Social Security benefits. Elaborate rules link contributions to benefits. Four general rules are worth keeping in mind. First, persons who have worked for ten years or more (that is, earned credit for forty quarters) in covered employment are almost always eligible to receive retirement benefits at age sixty-two or later and their survivorship protections are in force. One credit for a quarter is actually given (a maximum of four per year) for having $830 of earnings in covered employment. Second, for disability protections to be in force, workers generally need to have worked for five out of the previous ten years. Third, there are exceptions to these basic rules. Younger workers, for example, are subject to far less restrictive eligibility requirements for survivorship and disability protections.
The fourth basic rule is that, in keeping with the program’s goal of providing widespread and adequate protection, the Social Security benefit formula works to assure that long-term, low-wage workers receive a proportionately larger benefit (relative to their contributions) than high-wage workers. The increased payroll tax contributions of high-wage workers is recognized by a larger monthly benefit, but such workers receive a proportionately smaller benefit. This is done through a benefit formula that replaces a smaller percentage of covered earnings as a worker’s average covered earnings rise. For example, for workers retiring at age sixty-five in January 2001, Social Security replaces about 28 percent of earnings for those with earnings consistently at the maximum taxable ceiling, compared to about 58 percent for those whose earnings were consistently at 45 percent of median wages, and 42 percent for those with average earnings. The monthly retired workers benefit for this maximum earner would be $1,538 compared to $637 for the low earner and $1,051 for the average earner.
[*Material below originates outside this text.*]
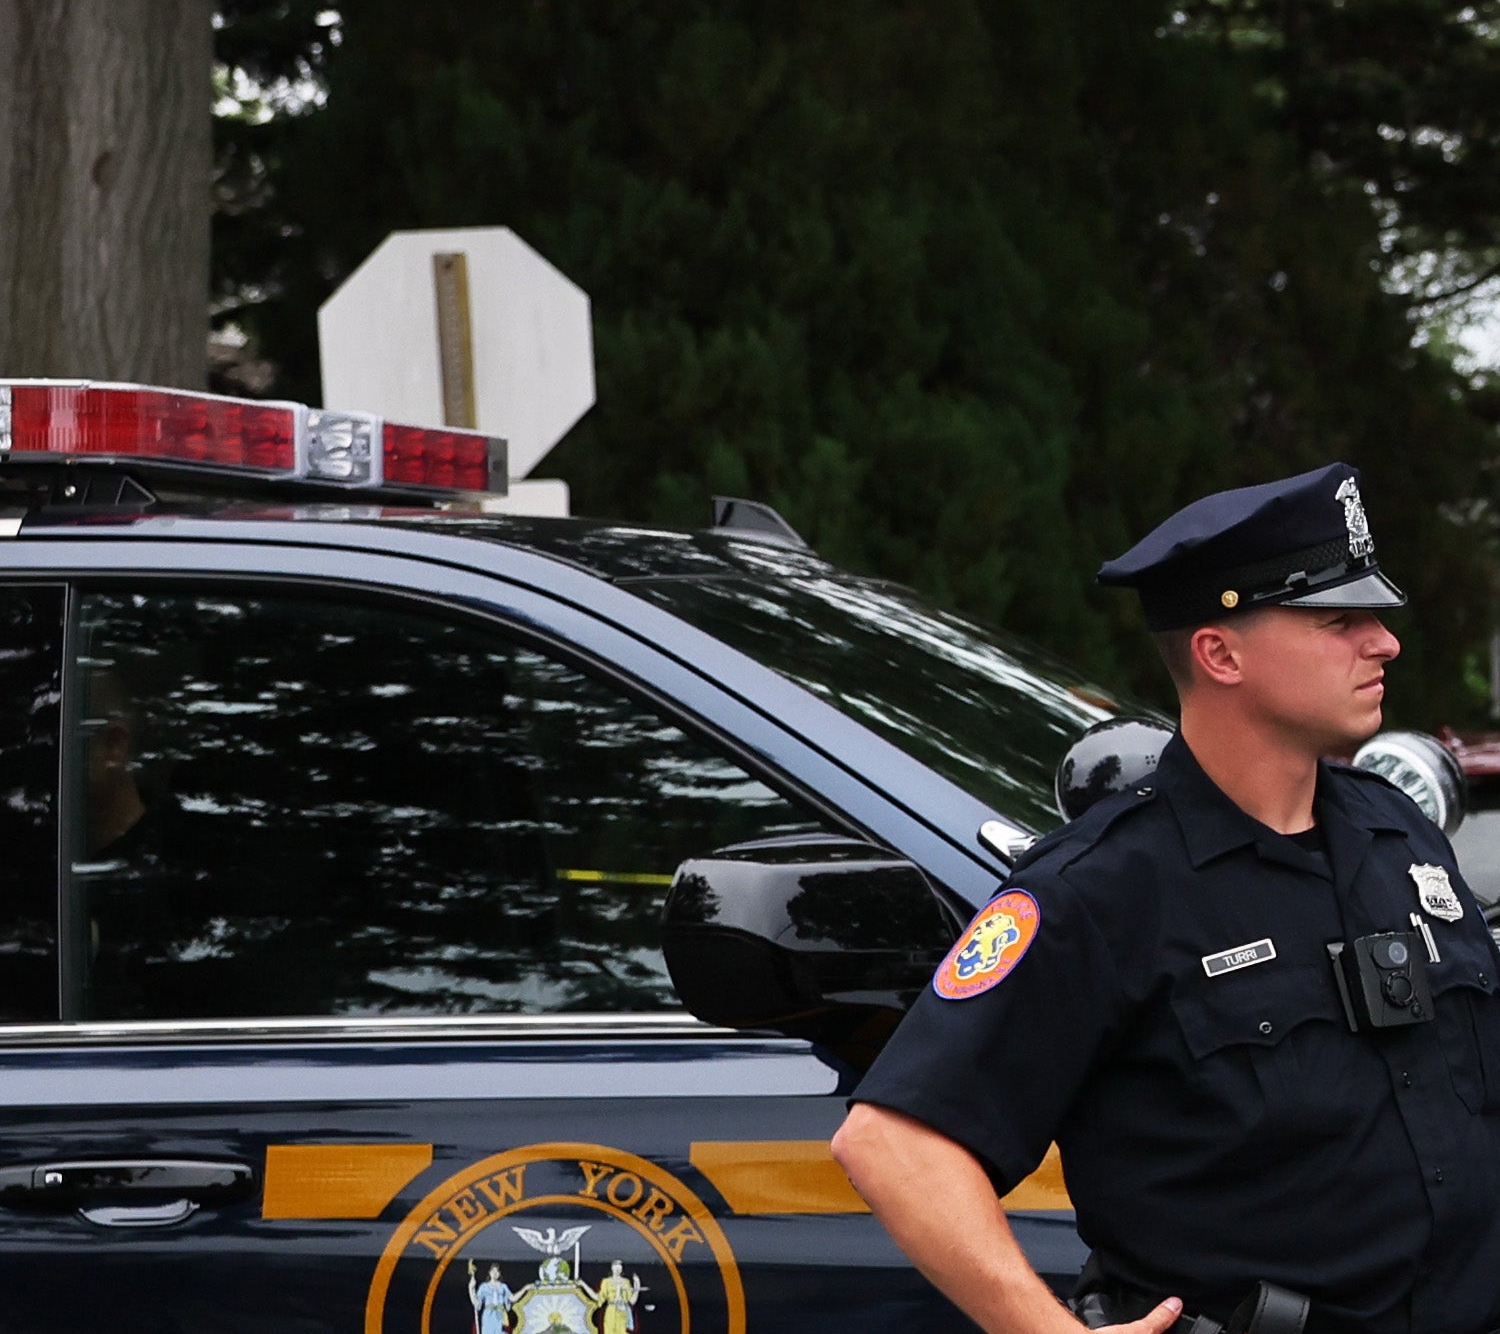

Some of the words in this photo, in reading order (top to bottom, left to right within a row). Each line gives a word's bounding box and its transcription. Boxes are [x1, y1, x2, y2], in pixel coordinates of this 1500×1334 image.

[1222, 948, 1258, 968] TURRI
[412, 1165, 527, 1258] NEW
[578, 1161, 704, 1262] YORK
Nearly all covered workers are eligible to accept actuarially reduced early retirement benefits at age sixty-two or full benefits at the normal retirement age—in 2002, age sixty-five and scheduled to gradually increase to age sixty-seven by 2027. Workers electing to postpone benefits past the normal retirement age receive credits that permanently increase the value of their monthly benefits. The surviving spouses of retired workers may receive reduced survivor benefits at age sixty (or age fifty if severely disabled) or full benefits at age sixty-five or later. Severely disabled workers are also eligible to receive monthly benefits if their condition meets the disability eligibility criteria. Other dependents of retired, deceased, or disabled workers (even, in some cases, financially dependent grandchildren, divorced spouses caring for dependent children, or adult children who were disabled prior to age nineteen) may also be eligible for monthly benefits. (Note: additional benefit information can be found by accessing the Social Security Administration’s Web site: www.ssa.gov.)